Islamic State attack kills 18 truffle hunters in Syria

Islamic State attack kills 18 truffle hunters in Syria

  • Islamic State militants killed at least 18 people Wednesday near the Syrian town of Kobajeb.
  • The ambush against the truffle hunters was among ISIS’s deadliest attacks in the area in over a year.
  • Islamic State sleeper cells still operate in Syria and Iraq, despite the group’s 2019 defeat in Syria.

Islamic State militants attacked villagers collecting truffles in eastern Syria on Wednesday, killing at least 18 people and leaving dozens injured and missing, opposition activists and pro-government media said.

The attack against the truffle hunters was one of the deadliest strikes by the Islamic State group in the area in more than a year. It took place in a desert area near the town of Kobajeb in the eastern province of Deir el-Zour that borders Iraq. Some of the truffle gatherers may have been kidnapped, opposition activists said.
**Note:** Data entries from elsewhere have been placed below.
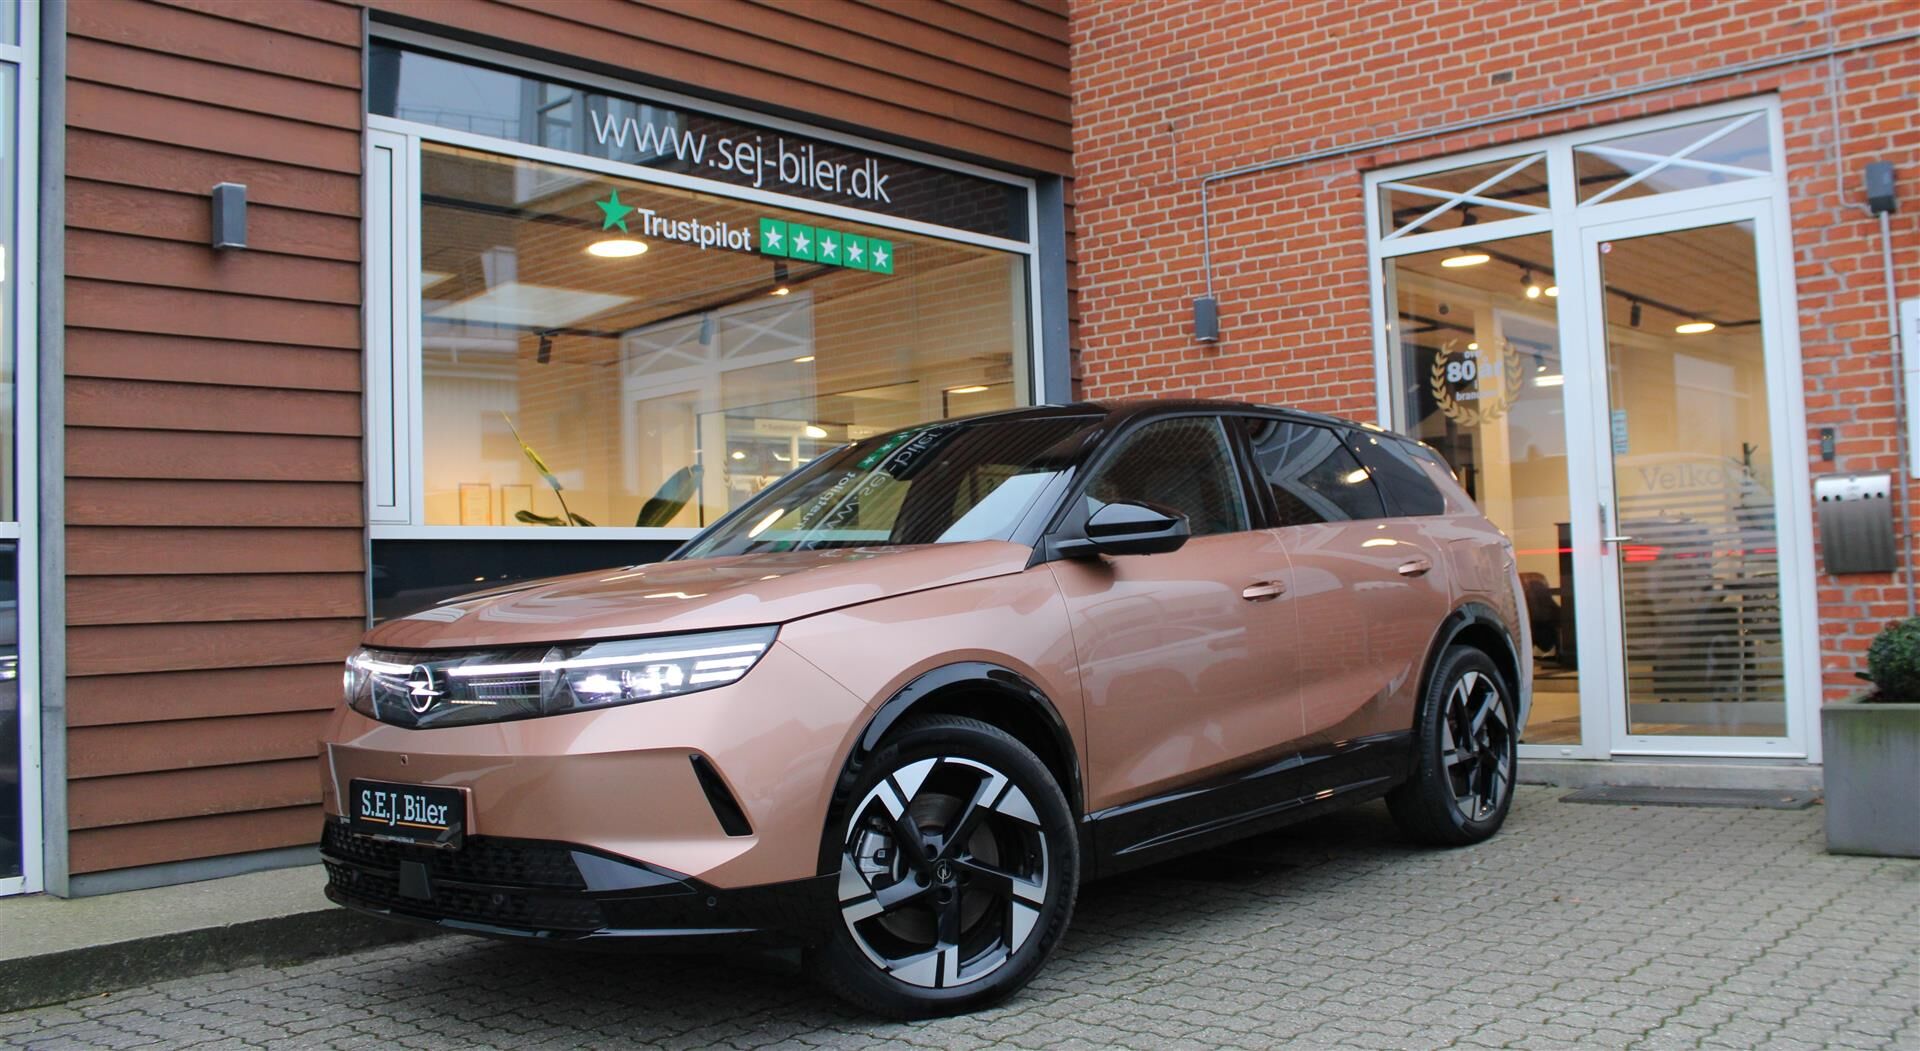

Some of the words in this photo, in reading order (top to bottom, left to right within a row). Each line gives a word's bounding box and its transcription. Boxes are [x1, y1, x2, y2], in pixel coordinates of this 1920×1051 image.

[591, 109, 891, 203] www.sej-biler.dk
[637, 208, 752, 251] Trustpilot
[1447, 360, 1476, 382] 80
[1456, 390, 1499, 401] bran
[1638, 463, 1735, 491] Velko
[361, 789, 401, 826] S.E.J.
[403, 794, 448, 825] Biler
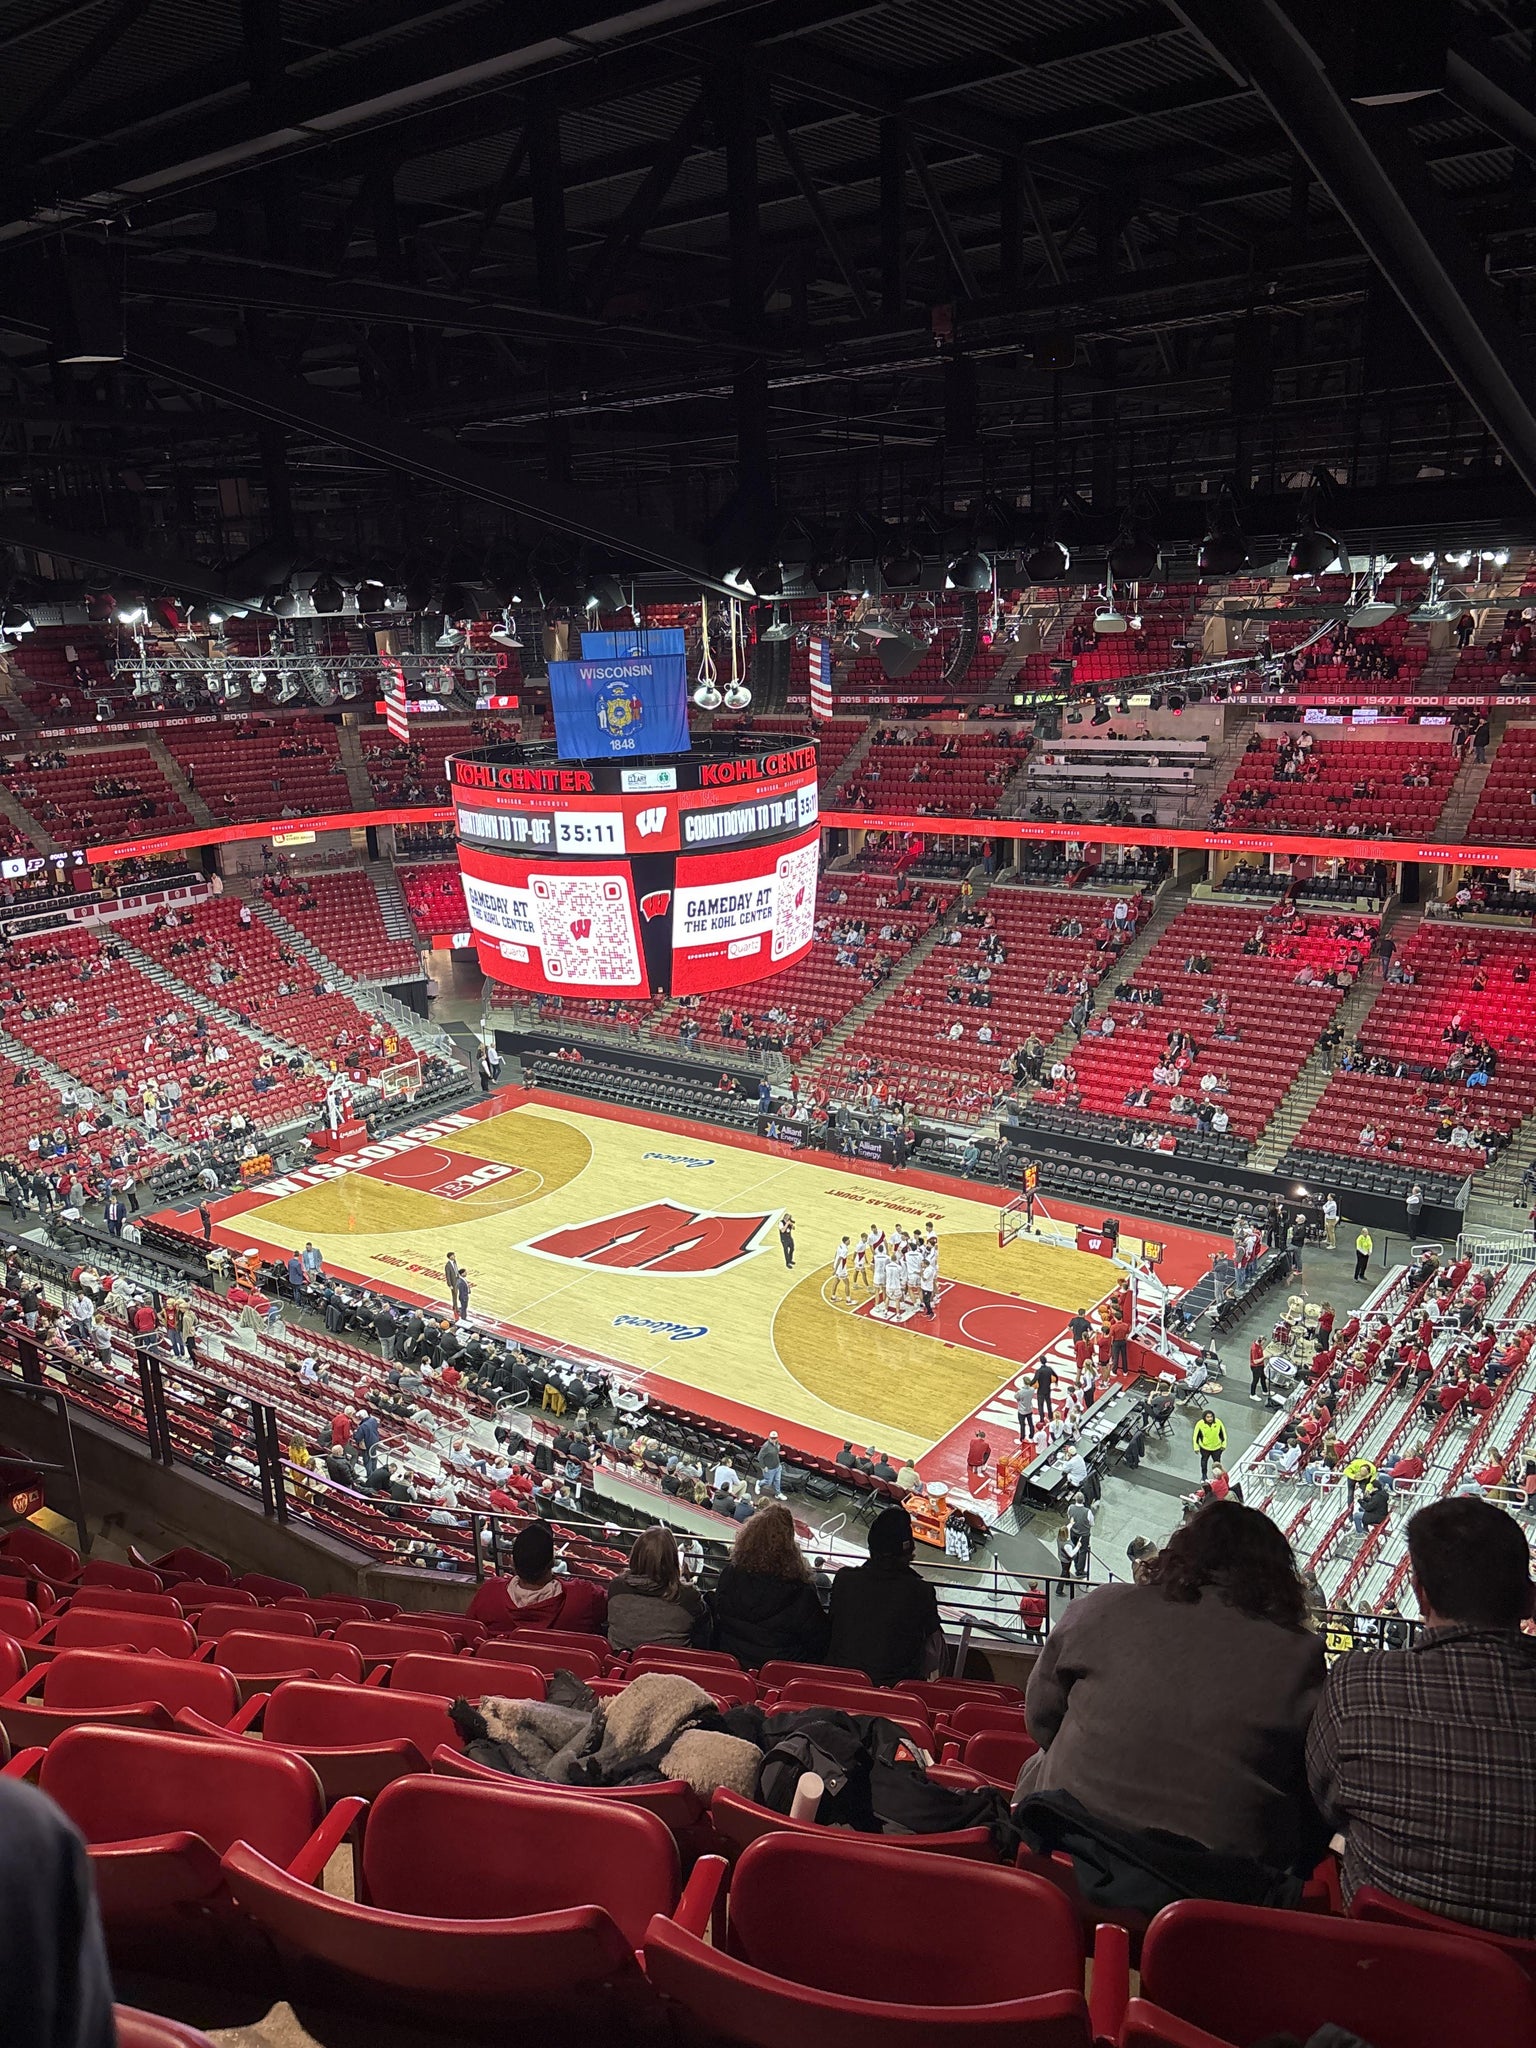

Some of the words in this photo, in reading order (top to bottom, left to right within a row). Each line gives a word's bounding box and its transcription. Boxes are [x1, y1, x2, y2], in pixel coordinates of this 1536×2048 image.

[580, 665, 653, 680] WISCONSIN
[1251, 695, 1282, 704] ELITE
[1288, 695, 1297, 704] 8
[1322, 696, 1351, 705] 1941
[1363, 696, 1394, 705] 1947
[1404, 696, 1438, 705] 2000
[1448, 696, 1484, 705] 2005
[1495, 696, 1531, 705] 2014
[194, 715, 218, 723] 2002
[223, 712, 249, 720] 2010
[106, 723, 130, 731] 1996
[136, 720, 160, 729] 1998
[166, 718, 188, 726] 2001
[40, 729, 66, 738] 1992
[73, 725, 98, 734] 1995
[610, 738, 636, 750] 1848
[701, 758, 763, 786] KOHL
[765, 746, 818, 775] CENTER
[456, 763, 496, 787] KOHL
[498, 768, 594, 792] CENTER
[800, 793, 817, 816] 35:11
[685, 804, 757, 842] COUNTDOWN
[757, 803, 769, 830] TO
[769, 797, 797, 828] TIP-OFF
[498, 815, 511, 841] TO
[512, 816, 550, 844] TIP-OFF
[560, 824, 615, 842] 35:11
[11, 864, 19, 872] 0
[56, 859, 65, 868] 0
[469, 887, 509, 915] GAMEDAY
[512, 901, 529, 918] AT
[687, 893, 753, 918] GAMEDAY
[756, 887, 772, 907] AT
[471, 906, 483, 921] THE
[484, 911, 502, 927] KOHL
[502, 917, 536, 934] CENTER
[684, 920, 708, 933] THE
[711, 915, 737, 930] KOHL
[739, 907, 773, 924] CENTER
[729, 940, 760, 956] Quartz
[781, 1126, 803, 1137] Alliant
[859, 1141, 882, 1152] Alliant
[251, 1113, 482, 1199] WISCONSIN
[824, 1188, 866, 1202] COURT
[865, 1198, 926, 1216] NICHOLAS
[925, 1211, 946, 1221] AB
[370, 1253, 409, 1268] COURT
[613, 1315, 709, 1341] Culver's
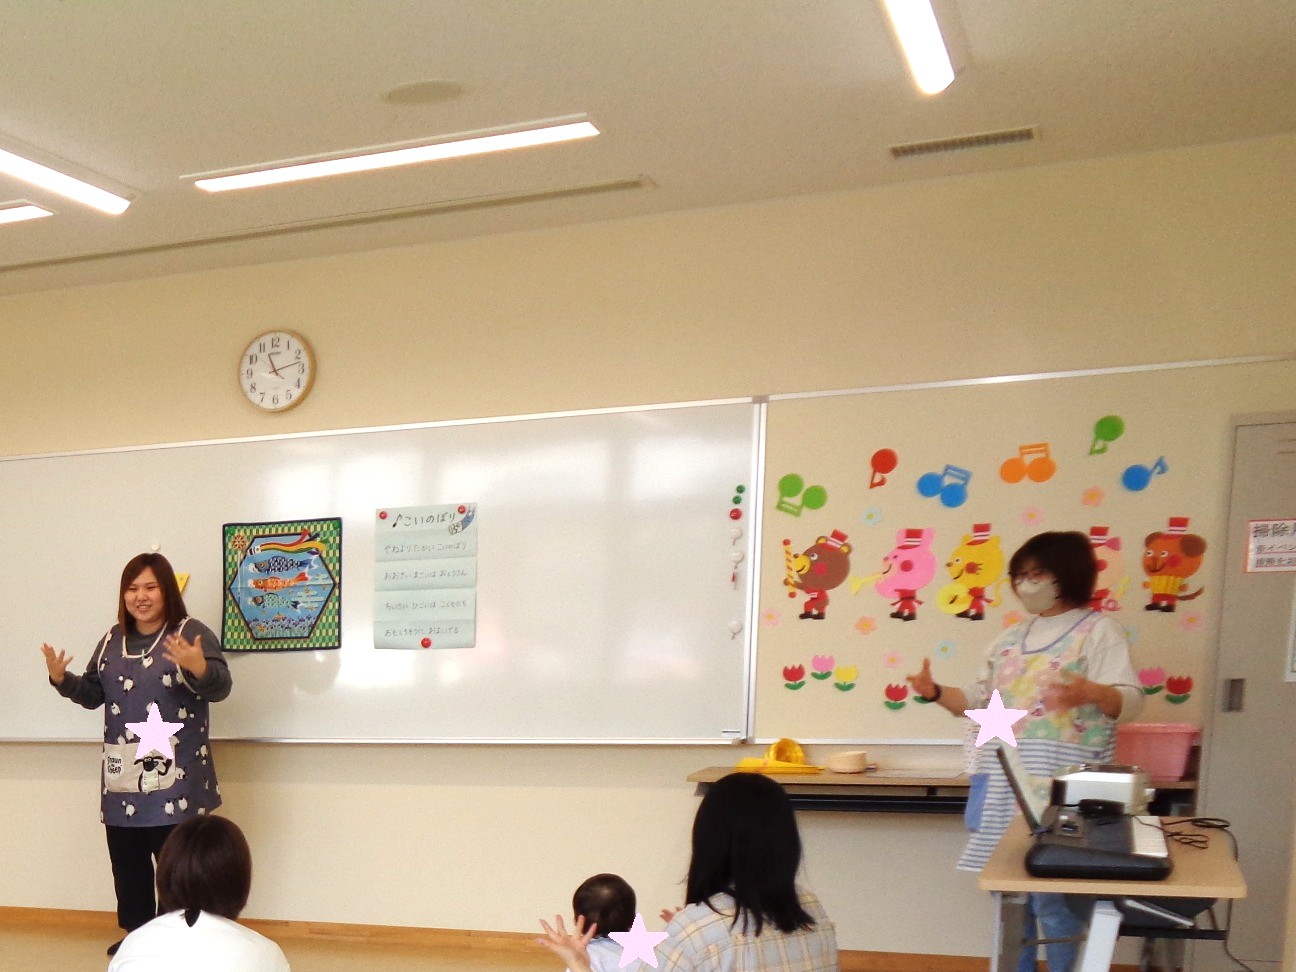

Despite the militant group’s defeat in Syria in March 2019, IS sleeper cells still carry deadly attacks in Syria and neighboring Iraq, across a wide swath of territory where the extremists had once run an Islamic caliphate.


Since truffle hunters work in large groups in remote areas, IS militants in previous years have repeatedly preyed on them, emerging from the desert to kill many and abduct others to be ransomed for money.

Separately, in Syria’s rebel-held northwest, an al-Qaida-linked group released more than 400 detainees from its jails after days of protests demanding their freedom.

The Britain-based Syrian Observatory for Human Rights, an opposition war monitor, said that the attack Wednesday in Deir el-Zour left 18 people dead and 16 wounded. It said about 50 people were missing and might have been kidnapped by IS. Twelve vehicles were torched.

This is a locator map for Syria with its capital, Damascus.  (AP Photo)

The Observatory said the dead included four members of the pro-government National Defense Forces, which had sent reinforcements to the area.

The pro-government Dama Post media outlet said the death toll was as high as 44 and that some 13 vehicles used by the truffle farmers were set fire to and destroyed.

The disparate casualty figures could not be immediately reconciled. Different death tolls in Syria are not uncommon in the immediate aftermath of deadly attacks.

The truffles are a seasonal delicacy that can be sold for a high price and many in Syria, where 90% of the population lives below the poverty line, go out to collect them.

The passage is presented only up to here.